As filed with the Securities and Exchange Commission on October 25, 2004
Registration No. 333-67215
SECURITIES AND EXCHANGE COMMISSION
Washington, D.C. 20549
POST EFFECTIVE AMENDMENT NO. 1 TO
FORM S-8
REGISTRATION STATEMENT
UNDER
THE SECURITIES ACT OF 1933
MICROCHIP TECHNOLOGY INCORPORATED
(Exact Name Of Registrant As Specified In Its Charter)
Delaware (State or Other Jurisdiction of Incorporation or Organization) |
86-0629024 (IRS Employer Identification No.) |
2355 West Chandler Boulevard
Chandler, Arizona 85224
(Address of Principal Executive Offices, Including Zip Code)
Microchip Technology Incorporated
1997 Nonstatutory Stock Option Plan
(Full Title of the Plan)
Steve Sanghi
President and Chief Executive Officer
MICROCHIP TECHNOLOGY INCORPORATED
2355 West Chandler Boulevard
Chandler, Arizona 85224
(480) 792-7200
(Telephone Number, Including Area Code, Of Agent For Service)
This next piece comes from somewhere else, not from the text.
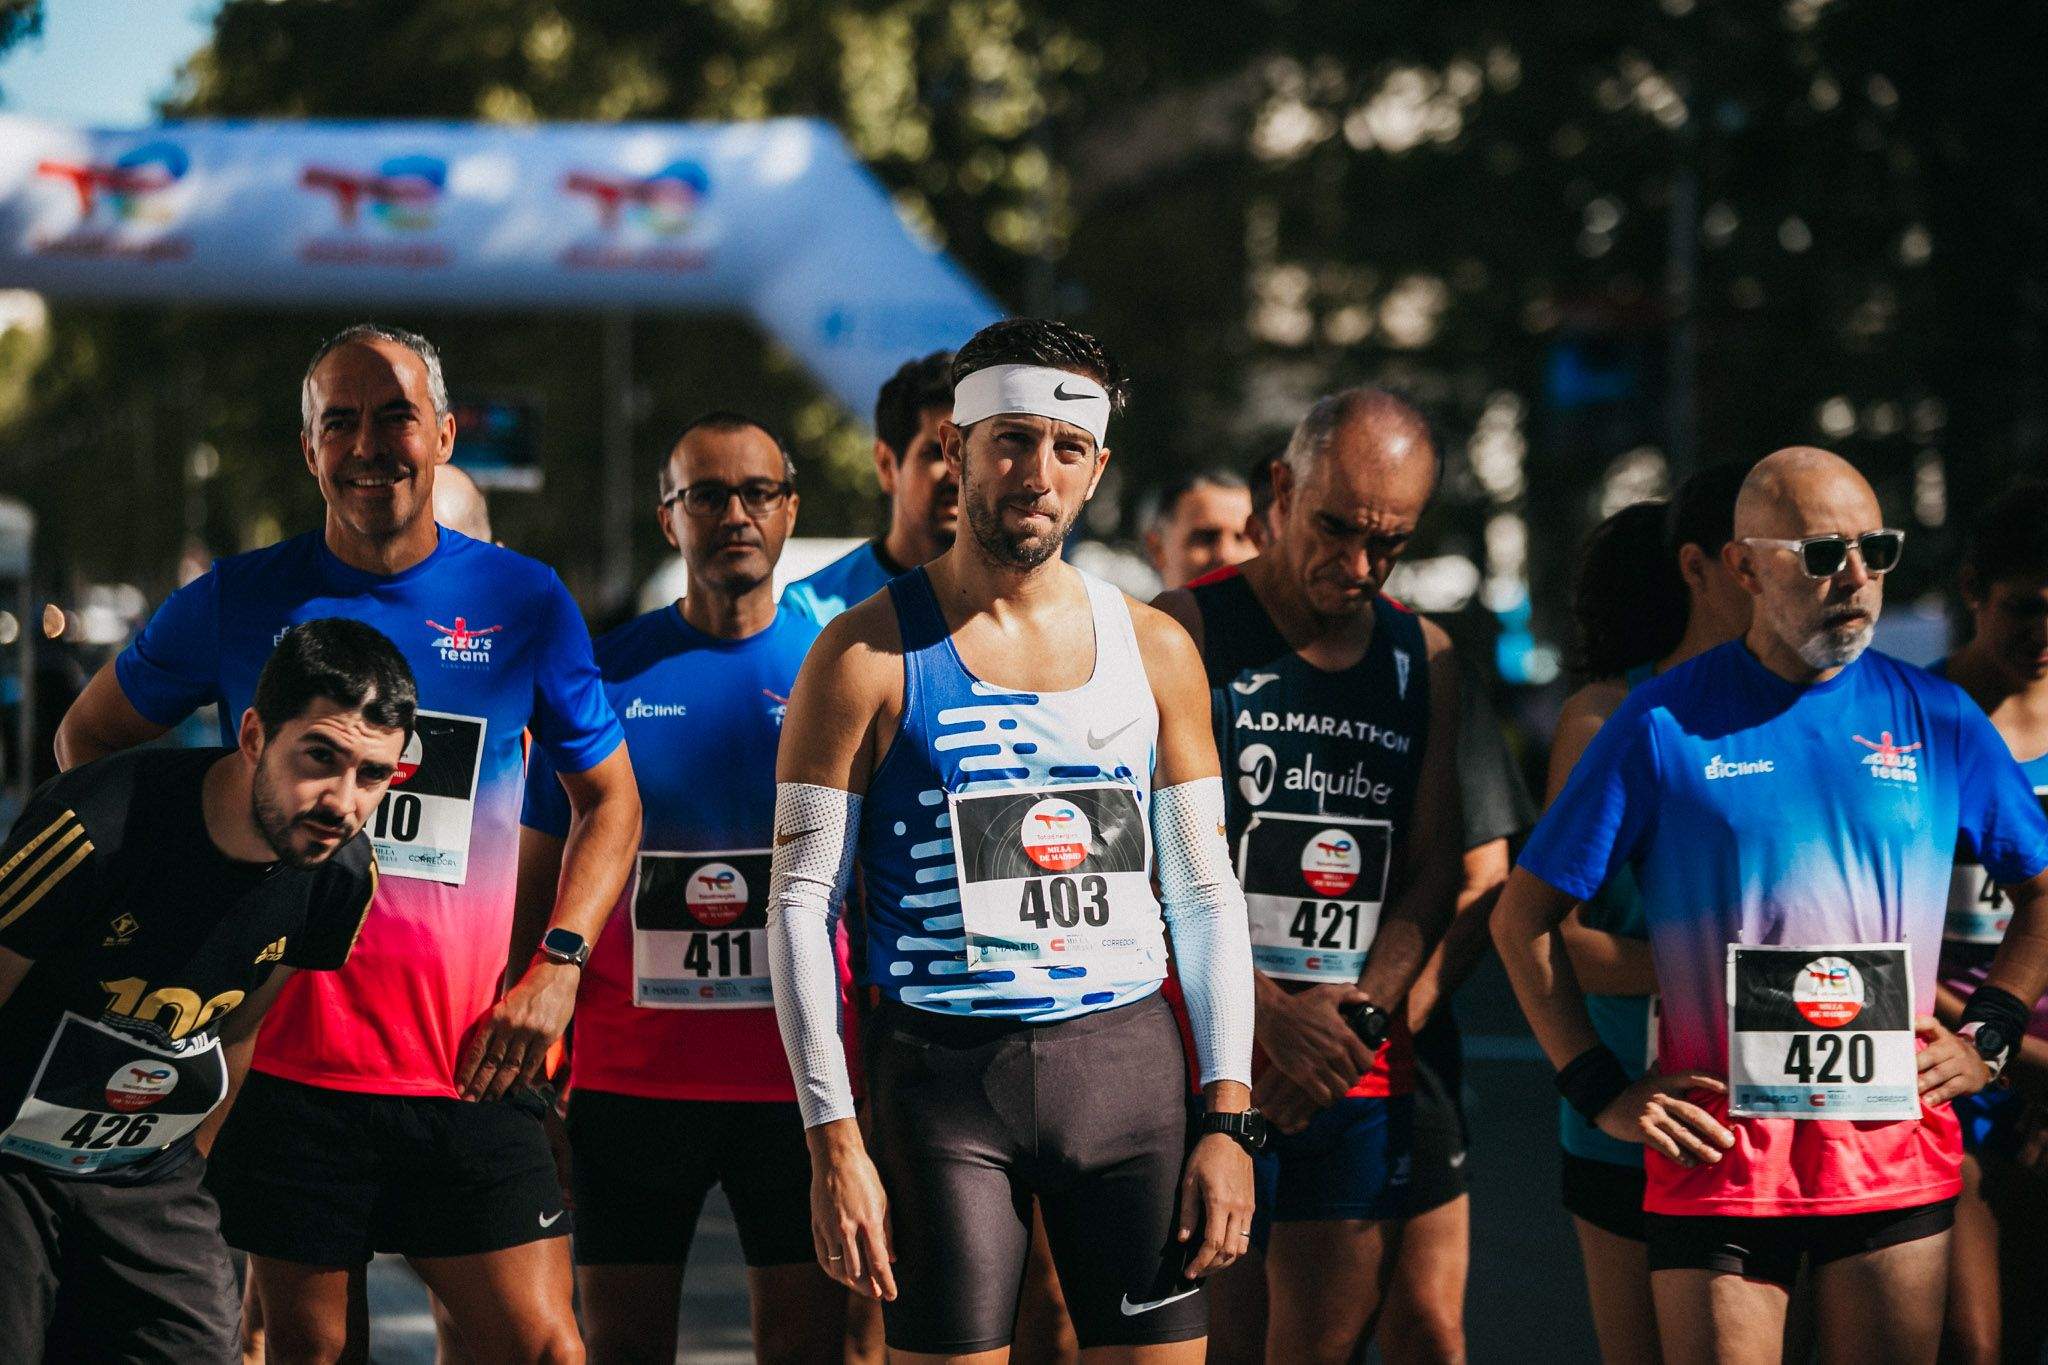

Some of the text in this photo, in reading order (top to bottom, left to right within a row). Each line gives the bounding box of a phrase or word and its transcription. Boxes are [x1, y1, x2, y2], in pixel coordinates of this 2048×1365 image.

This post-effective amendment to the registration statement on Form S-8 (Registration No. 333-67215) is being filed by Microchip Technology Incorporated (the "Registrant") to reflect the transfer from the Registrant's 1997 Nonstatutory Stock Option Plan (the "1997 Plan") to the Registrant's 2004 Equity Incentive Plan (the "2004 Equity Plan") of 7,758,910.845 shares of the Registrant's common stock that have been previously registered on Form S-8 for issuance pursuant to the 1997 Plan and up to 5,000,000 shares of common stock subject to outstanding options, to the extent such options expire, that remained available for issuance under the 1997 Plan or the Registrant's 1993 Stock Option Plan (the "1993 Plan"). The Registrant has previously registered shares of its common stock for issuance under the 1997 Plan pursuant to (i) the Registrant's registration statement on Form S-8, dated November 13, 1998 (Registration No. 333-67215), registering 2,000,000 shares of common stock; (ii) the Registrant's registration statement on Form S-8, dated December 23, 1999 (Registration No. 333-93571), registering 1,500,000 shares of common stock; (iii) the Registrant's registration statement on Form S-8, dated December 6, 2000 (Registration No. 333-51322), registering 8,250,000 shares of common stock; and (iv) the Registrant's registration statement on Form S-8, dated September 17, 2002 (Registration No. 333-99655), registering 5,900,000 shares of common stock.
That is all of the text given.